The authors note that these error modes could be mitigated by incorporating a pre‑processing stage for stroke‑width normalization and a post‑processing step that detects and resolves overlapping components.
Discussion and Future Work
While the paper focuses on segmentation accuracy, the ultimate goal is a complete OCR pipeline for Bengali handwriting. The authors propose extending their work by feeding the segmented glyphs into a convolutional neural network (CNN) or transformer‑based recognizer, thereby evaluating end‑to‑end recognition performance. They also suggest expanding the dataset to include real‑world documents such as newspapers, letters, and historical manuscripts to test the algorithm’s robustness across diverse writing styles.

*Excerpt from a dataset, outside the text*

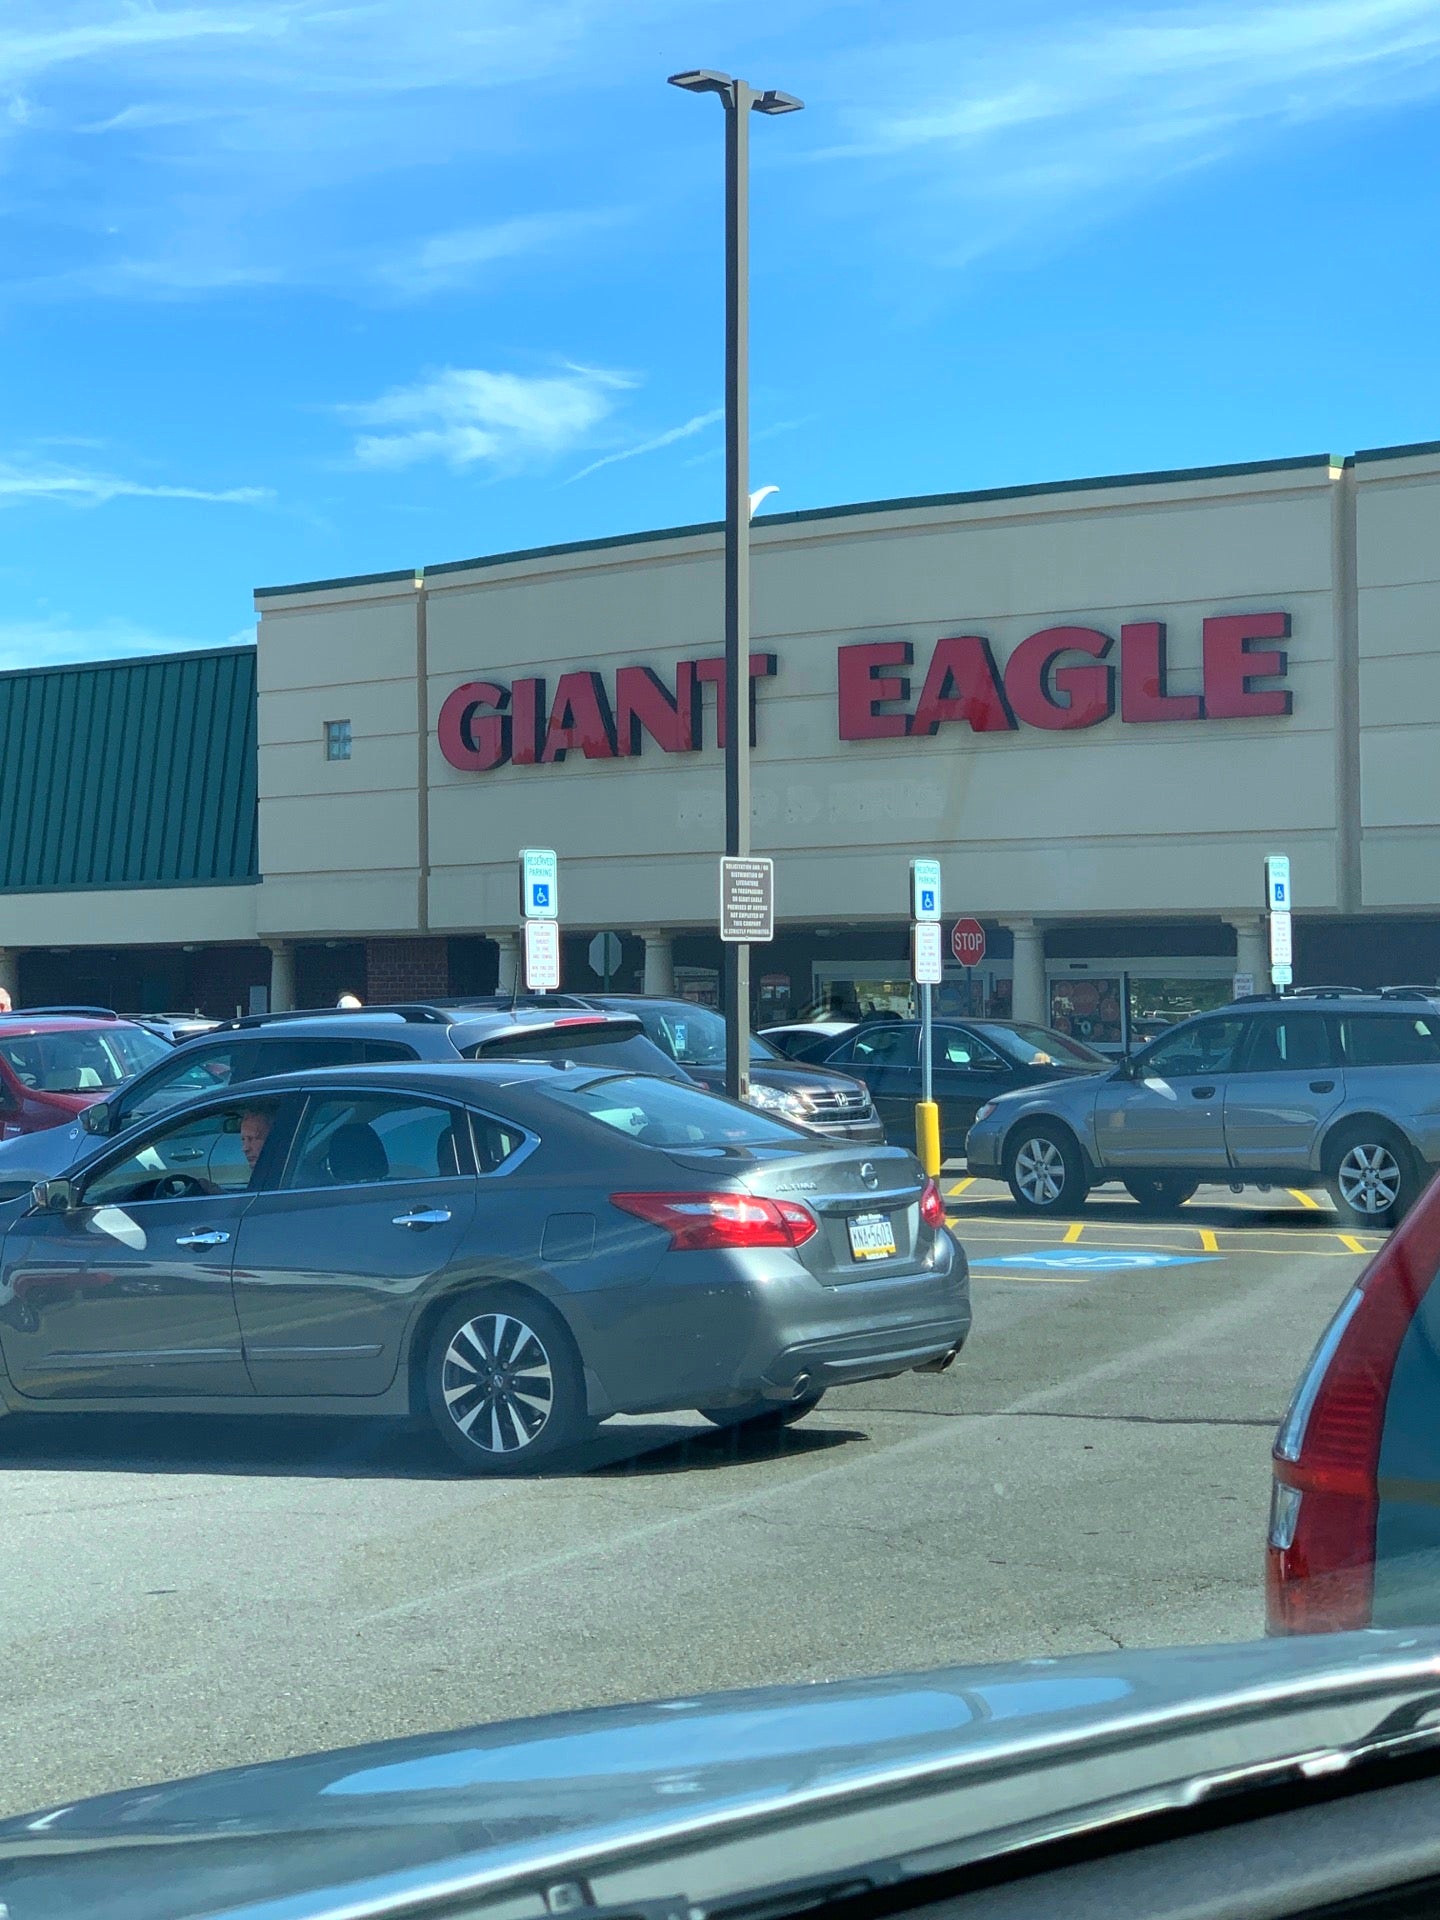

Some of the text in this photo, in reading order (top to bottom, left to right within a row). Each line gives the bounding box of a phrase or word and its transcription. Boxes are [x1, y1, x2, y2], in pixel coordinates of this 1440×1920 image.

Moreover, because the core idea—leveraging connectivity and dynamic thresholds—does not rely on language‑specific heuristics, the method could be adapted to other Brahmic scripts (e.g., Hindi, Tamil, Malayalam) that share similar modifier‑encircling characteristics.
Conclusion
The study presents a novel, script‑aware segmentation technique that successfully addresses the unique challenges posed by offline handwritten Bengali text. By integrating region‑level connectivity information with locally adaptive thresholding, the algorithm achieves a high segmentation success rate of 97.7 %, outperforming traditional methods that struggle with the script’s encircling modifiers. The work lays a solid foundation for subsequent recognition stages and opens avenues for applying the same principles to other complex Indic scripts, moving the field closer to robust, multilingual handwritten OCR solutions.